━━ Data ━━
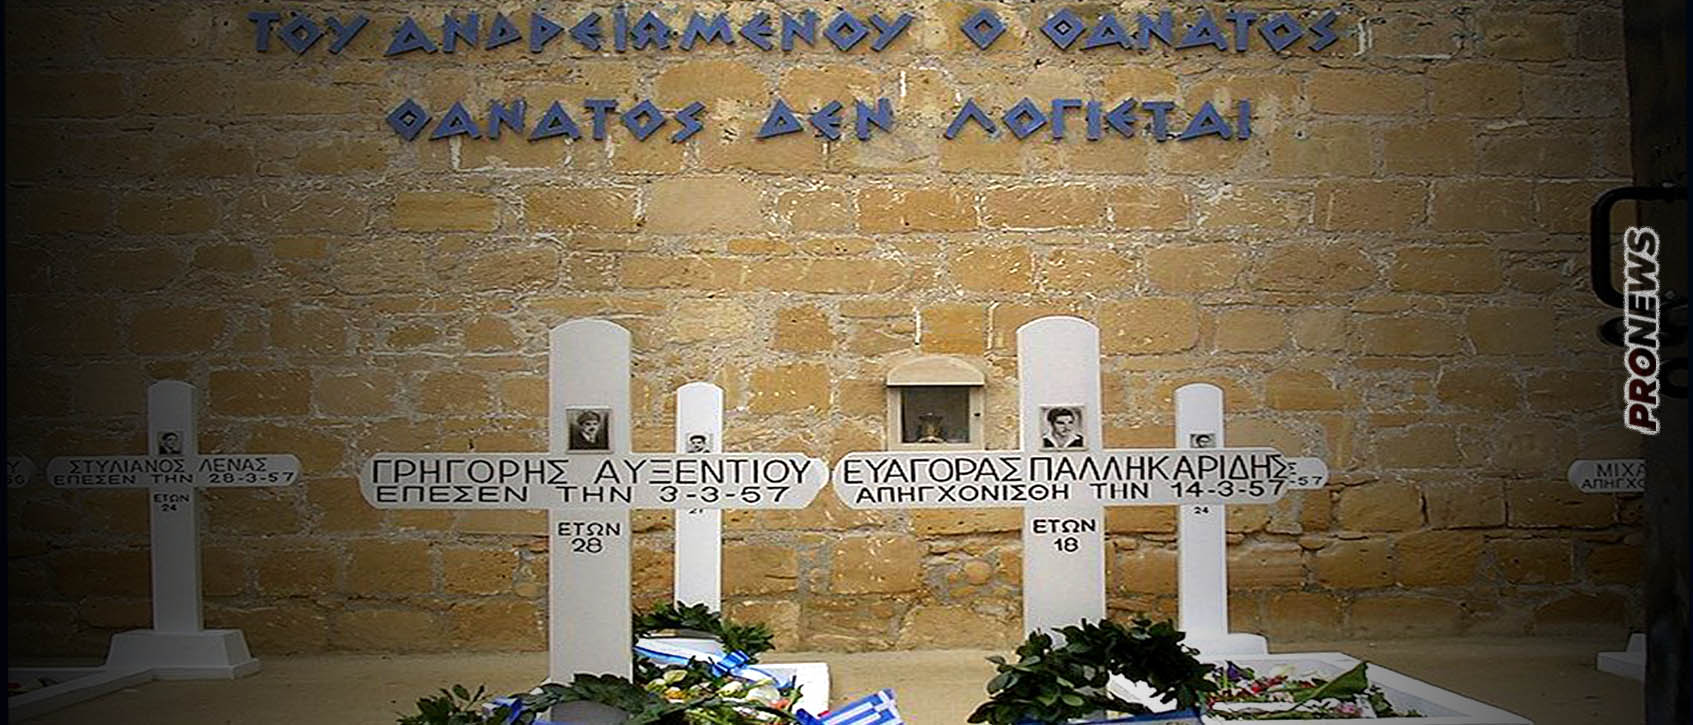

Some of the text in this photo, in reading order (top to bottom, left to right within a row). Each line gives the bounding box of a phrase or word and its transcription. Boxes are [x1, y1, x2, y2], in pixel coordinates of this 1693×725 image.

[247, 7, 1340, 57] ΤΟΥ ΑΝΔΡΕΙΩΜΕΝΟΥ Ο ΘΑΝΑΤΟΣ
[386, 97, 1253, 142] ΘΑΝΑΤΟΣ ΔΕΝ ΛΟΓΙΕΤΑΙ
[69, 457, 268, 474] ΣΤΥΛΙΑΝΟΣ ΛΕΝΑΣ
[372, 458, 812, 485] ΓΡΗΓΟΡΗΣ ΑΥΞΕΝΤΙΟΥ
[843, 454, 1289, 484] ΕΥΑΓΟΡΑΣ ΠΑΛΛΗΚΑΡΙΔΗΣ
[53, 471, 294, 486] ΕΠΕΣΕΝ ΤΗΝ 28-3-57
[376, 486, 790, 503] ΕΠΕΣΕΝ ΤΗΝ 3-3-57
[855, 479, 1285, 504] ΑΠΗΓΧΟΝΙΣΘΗ ΤΗΝ 14-3-57
[161, 503, 177, 512] 24
[1193, 506, 1209, 514] 24
[557, 522, 621, 537] ΕΤΩΝ
[1033, 518, 1096, 535] ΕΤΩΝ
[572, 538, 603, 554] 28
[1053, 537, 1079, 553] 18
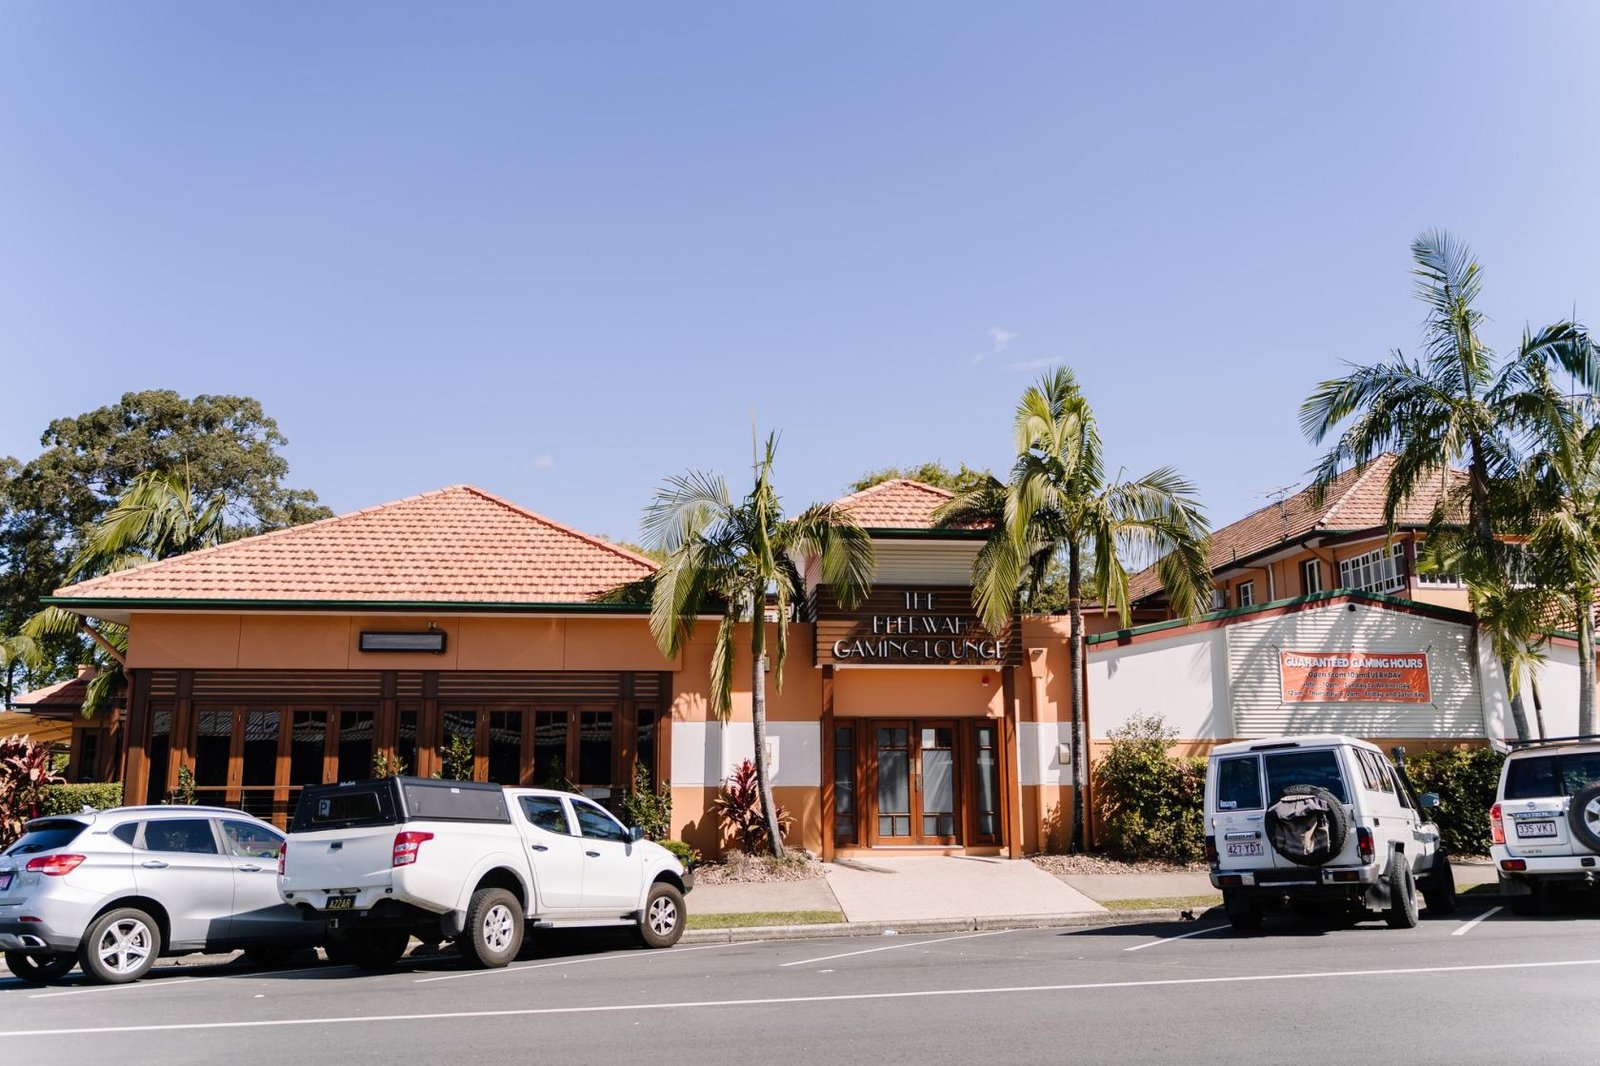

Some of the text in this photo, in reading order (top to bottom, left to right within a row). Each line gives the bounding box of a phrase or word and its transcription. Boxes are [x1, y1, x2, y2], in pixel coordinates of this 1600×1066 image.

[904, 592, 936, 610] THE
[833, 639, 1007, 659] GAMING LOUNGE
[1286, 658, 1424, 669] GUARANTEED GAMING HOURS
[1308, 671, 1327, 680] Open
[1328, 671, 1346, 679] from
[1367, 671, 1402, 679] EVERYDAY
[320, 802, 328, 815] P
━━━
Copy out all the data without changing anything, and drop the pictures.

Exercise response ▸
Some of the text in this photo, in reading order (top to bottom, left to right within a row). Each line gives the bounding box of a phrase or word and its transcription. Boxes are [x1, y1, x2, y2], in pixel coordinates of this 1693×725 image.

[247, 7, 1340, 57] ΤΟΥ ΑΝΔΡΕΙΩΜΕΝΟΥ Ο ΘΑΝΑΤΟΣ
[386, 97, 1253, 142] ΘΑΝΑΤΟΣ ΔΕΝ ΛΟΓΙΕΤΑΙ
[69, 457, 268, 474] ΣΤΥΛΙΑΝΟΣ ΛΕΝΑΣ
[372, 458, 812, 485] ΓΡΗΓΟΡΗΣ ΑΥΞΕΝΤΙΟΥ
[843, 454, 1289, 484] ΕΥΑΓΟΡΑΣ ΠΑΛΛΗΚΑΡΙΔΗΣ
[53, 471, 294, 486] ΕΠΕΣΕΝ ΤΗΝ 28-3-57
[376, 486, 790, 503] ΕΠΕΣΕΝ ΤΗΝ 3-3-57
[855, 479, 1285, 504] ΑΠΗΓΧΟΝΙΣΘΗ ΤΗΝ 14-3-57
[161, 503, 177, 512] 24
[1193, 506, 1209, 514] 24
[557, 522, 621, 537] ΕΤΩΝ
[1033, 518, 1096, 535] ΕΤΩΝ
[572, 538, 603, 554] 28
[1053, 537, 1079, 553] 18

Some of the text in this photo, in reading order (top to bottom, left to right within a row). Each line gives the bounding box of a phrase or word and its transcription. Boxes are [x1, y1, x2, y2], in pixel coordinates of this 1600×1066 image.

[904, 592, 936, 610] THE
[833, 639, 1007, 659] GAMING LOUNGE
[1286, 658, 1424, 669] GUARANTEED GAMING HOURS
[1308, 671, 1327, 680] Open
[1328, 671, 1346, 679] from
[1367, 671, 1402, 679] EVERYDAY
[320, 802, 328, 815] P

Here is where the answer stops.